Can I use Authyra without Flutter?
Yes. Just add authyra (not authyra_flutter):
dependencies:
authyra: ^0.1.0
Works in:
- Dart backend services (Shelf, Dart Frog)
- CLI tools
- Scripts
- Unit tests
Does Authyra support multi-account?
Yes — AccountManager ships in the core (authyra package):
final mgr = Authyra.instance.accounts;
// All signed-in accounts, sorted by last activity
final users = await mgr.getAll();
// Activate a different account
await mgr.switchTo(userId);
// Sign out one account, keep others active
await mgr.signOut(userId);
// Sign out every account
await mgr.signOutAll();
// Prune expired sessions
await mgr.cleanExpired();
The number of concurrent accounts is capped by AuthConfig.maxAccounts (default: 5).
Can I use my own state management?
Authyra is completely state-management-agnostic.
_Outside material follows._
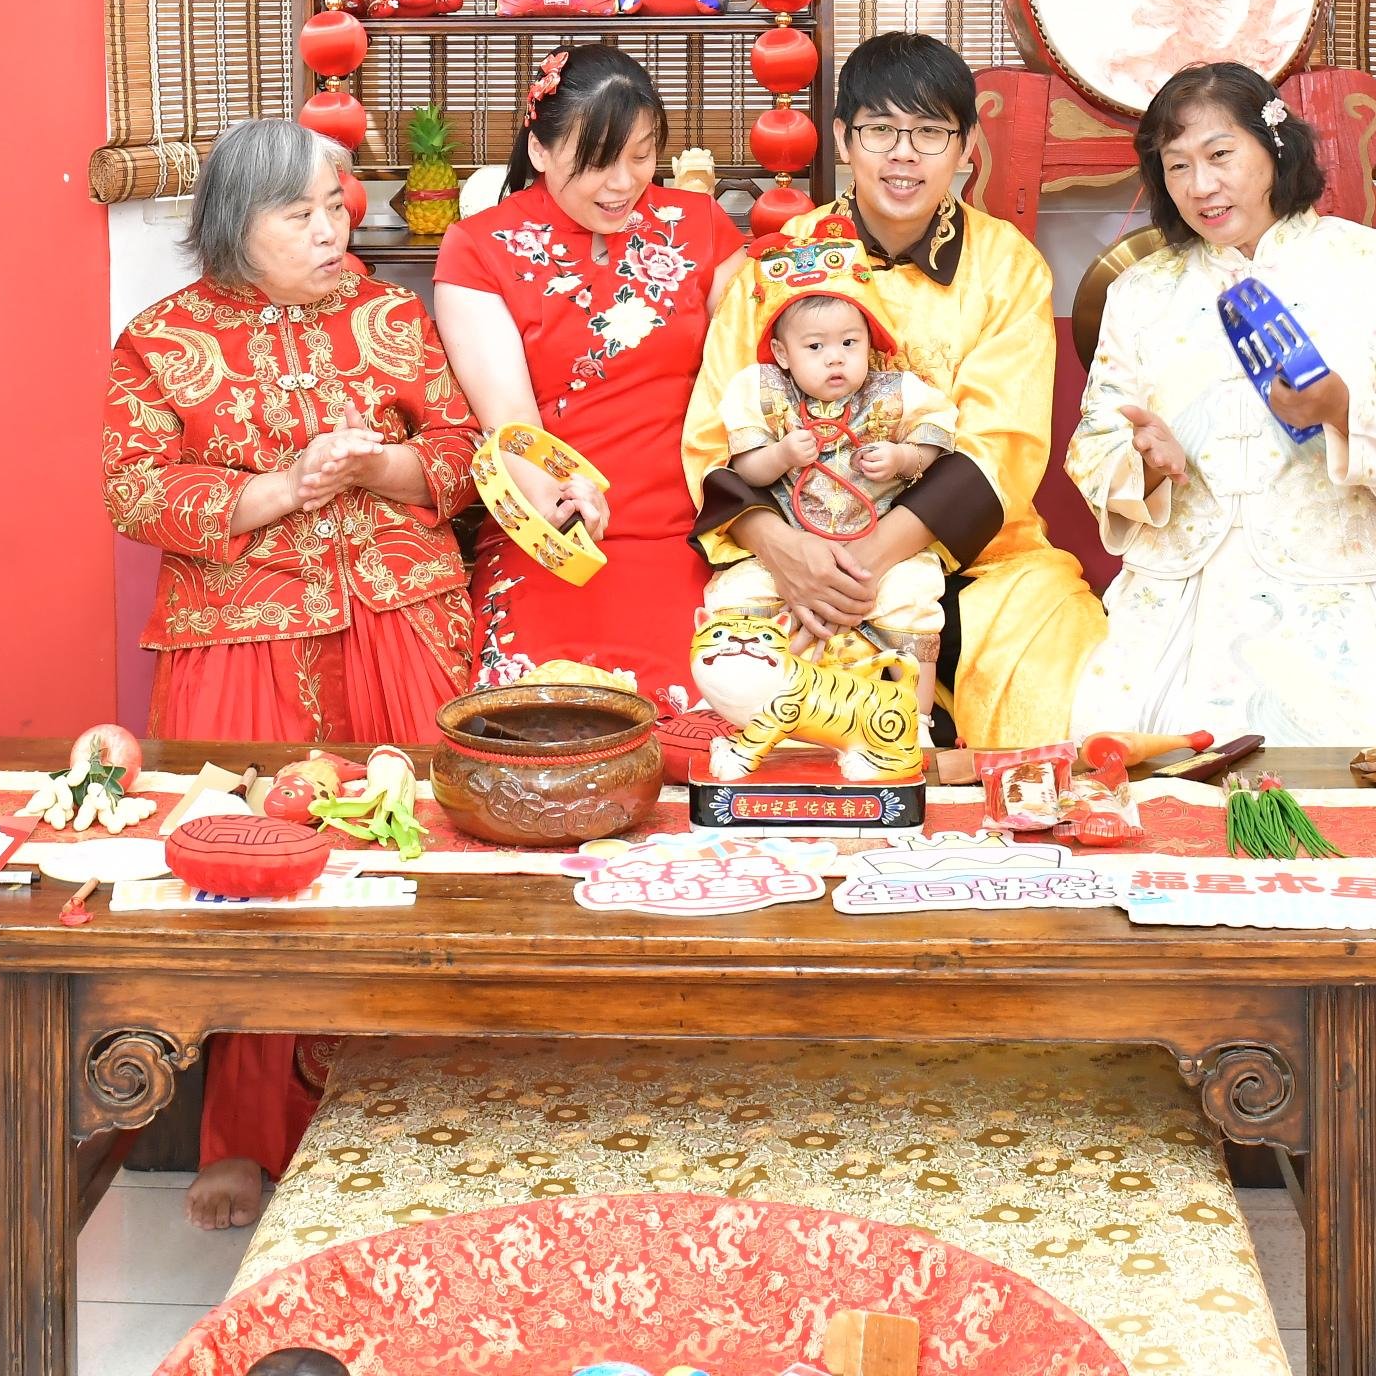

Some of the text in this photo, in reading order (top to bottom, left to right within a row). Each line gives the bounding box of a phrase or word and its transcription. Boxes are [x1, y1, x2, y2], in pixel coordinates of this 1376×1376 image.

[607, 856, 790, 881] 今天是
[848, 875, 1117, 905] 生日快樂
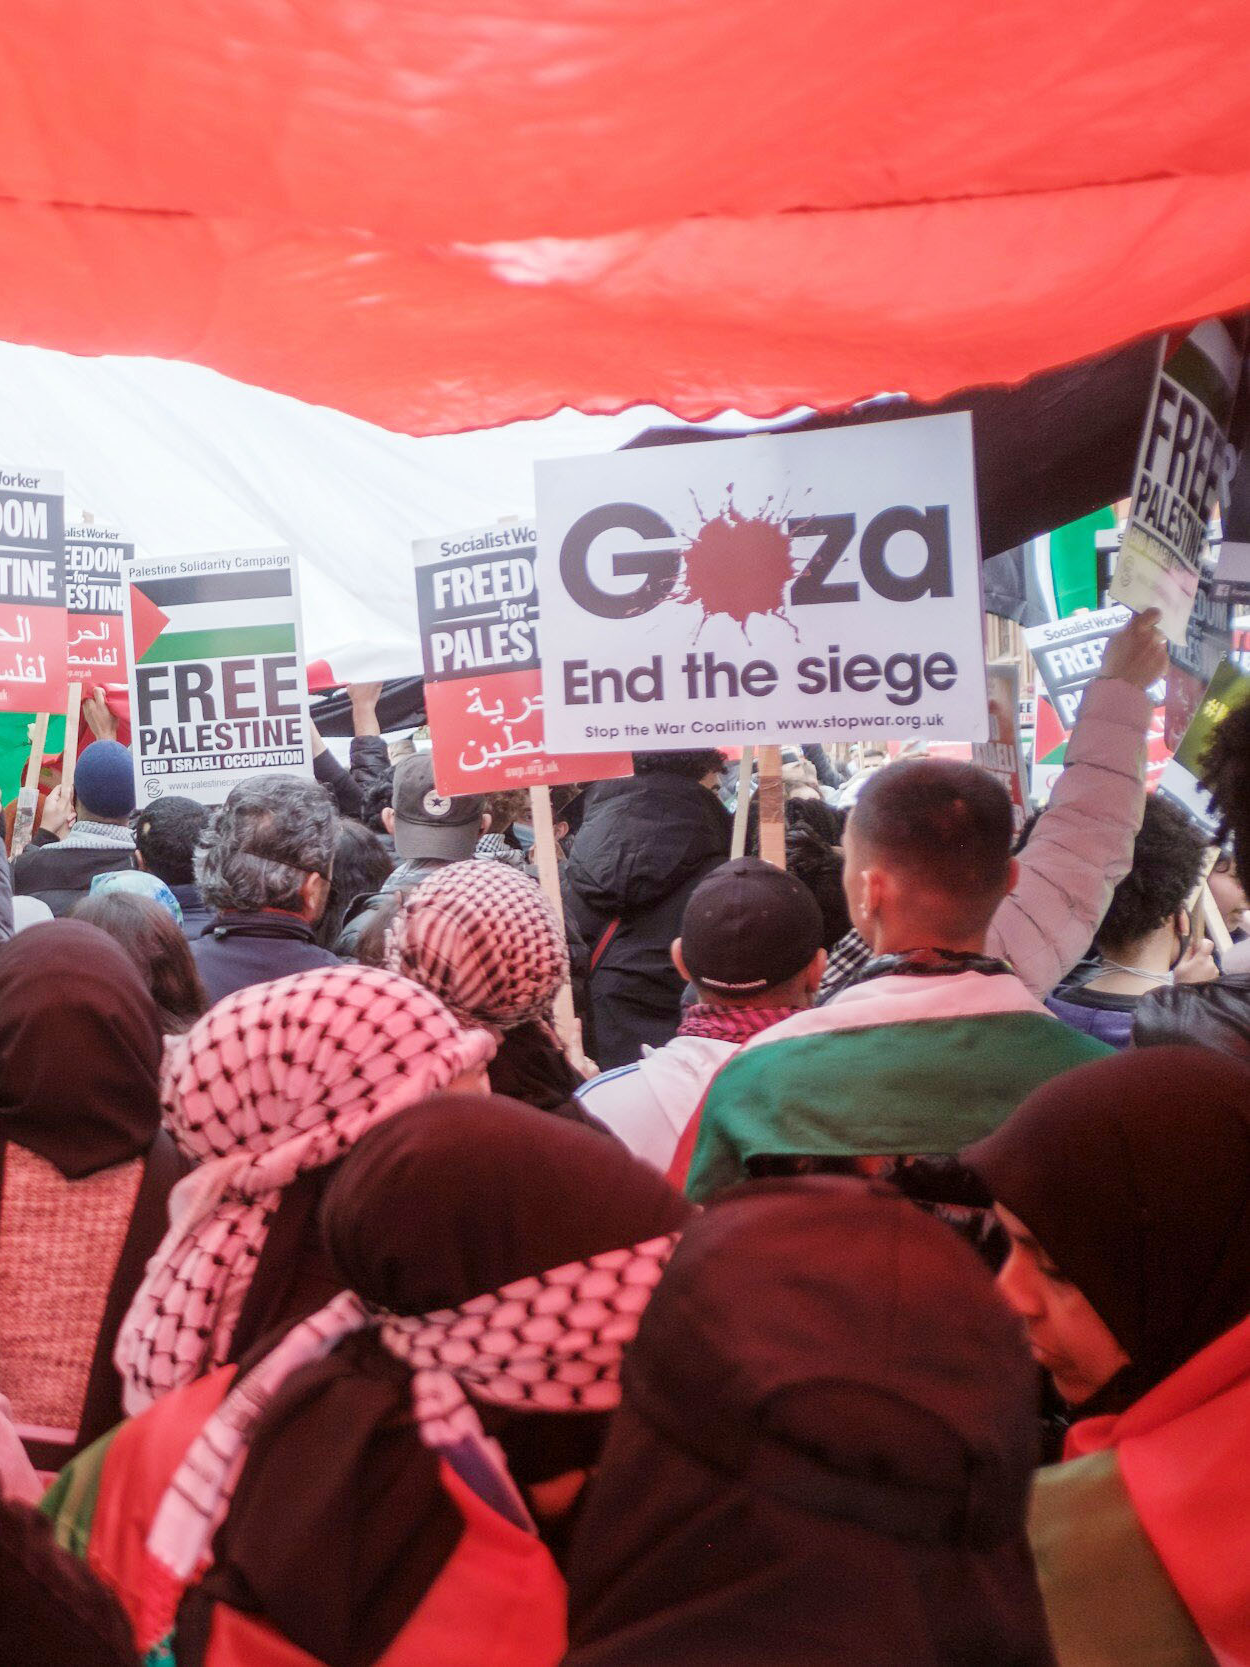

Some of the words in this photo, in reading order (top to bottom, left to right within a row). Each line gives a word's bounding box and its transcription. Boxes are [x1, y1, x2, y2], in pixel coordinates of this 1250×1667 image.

The authStateChanges stream plugs into anything:
Riverpod:
final authStateProvider = StreamProvider<AuthState>((ref) {
return Authyra.instance.authStateChanges;
});
// In a widget:
final state = ref.watch(authStateProvider).value;
Bloc / Cubit:
class AuthCubit extends Cubit<AuthState> {
late final StreamSubscription<AuthState> _sub;
AuthCubit() : super(AuthState.unauthenticated()) {
_sub = Authyra.instance.authStateChanges.listen(emit);
}
@override
Future<void> close() {
_sub.cancel();
return super.close();
}
}
GoRouter:
GoRouter(
refreshListenable: StreamToListenable(Authyra.instance.authStateChanges),
redirect: (context, state) {
if (!Authyra.instance.isAuthenticated) return '/login';
return null;
},
);
How do I test code that uses Authyra?
Use AuthyraClient directly — no singleton, no Authyra.initialize() required:
import 'package:test/test.dart';
import 'package:authyra/authyra.dart';
void main() {
late AuthyraClient client;
setUp(() async {
client = AuthyraClient(
providers: [
CredentialsProvider(
id: 'email',
authorize: (creds) async {
if (creds?['password'] == 'secret') {
return AuthUser(id: '1', email: creds!['email'] as String);
}
return null;
},
),
],
storage: InMemoryStorage(),
);
await client.initialize();
});
test('sign in succeeds with correct password', () async {
final user = await client.signIn('email', params: {
'email': 'alice@example.com',
'password': 'secret',
});
expect(user.email, equals('alice@example.com'));
});
test('sign in fails with wrong password', () async {
expect(
() => client.signIn('email', params: {
'email': 'alice@example.com',
'password': 'wrong',
}),
throwsA(isA<AuthenticationFailedException>()),
);
});
}
If your test code uses Authyra.instance, call dispose() in tearDown to reset the singleton between tests:
tearDown(() async {
if (Authyra.isInitialized) {
await Authyra.instance.dispose();
}
});
What storage backend should I use?
| Runtime | Recommended |
|---|---|
| Tests / dev | InMemoryStorage (bundled with authyra) |
| Flutter mobile | SecureAuthStorage from authyra_flutter (Keychain / Keystore) |
| Flutter web | SecureAuthStorage from authyra_flutter (Web Crypto) |
| Dart CLI | Encrypted file or OS keyring |
| Backend / Shelf | Redis, encrypted DB column, or a secrets manager |
Never store tokens in SharedPreferences or browser localStorage — they are not encrypted.
How does token refresh work?
When AuthyraClient.refreshSession() is called (manually or triggered by an API 401):
- The active
AuthSessionis retrieved. - If
session.shouldRefreshistrue(token expires withinAuthConfig.refreshBeforeExpiry), the client callsprovider.refreshToken(session.refreshToken). - The provider returns
AuthTokenResultwith the newaccessToken(and optionally a newrefreshToken). - The session is updated in
SessionManagerand re-persisted to storage. authStateChangesemits the refreshedAuthState.authenticated.
If the refresh token is itself expired or invalid, refreshToken returns null, the session is cleared, and AuthState.unauthenticated() is emitted.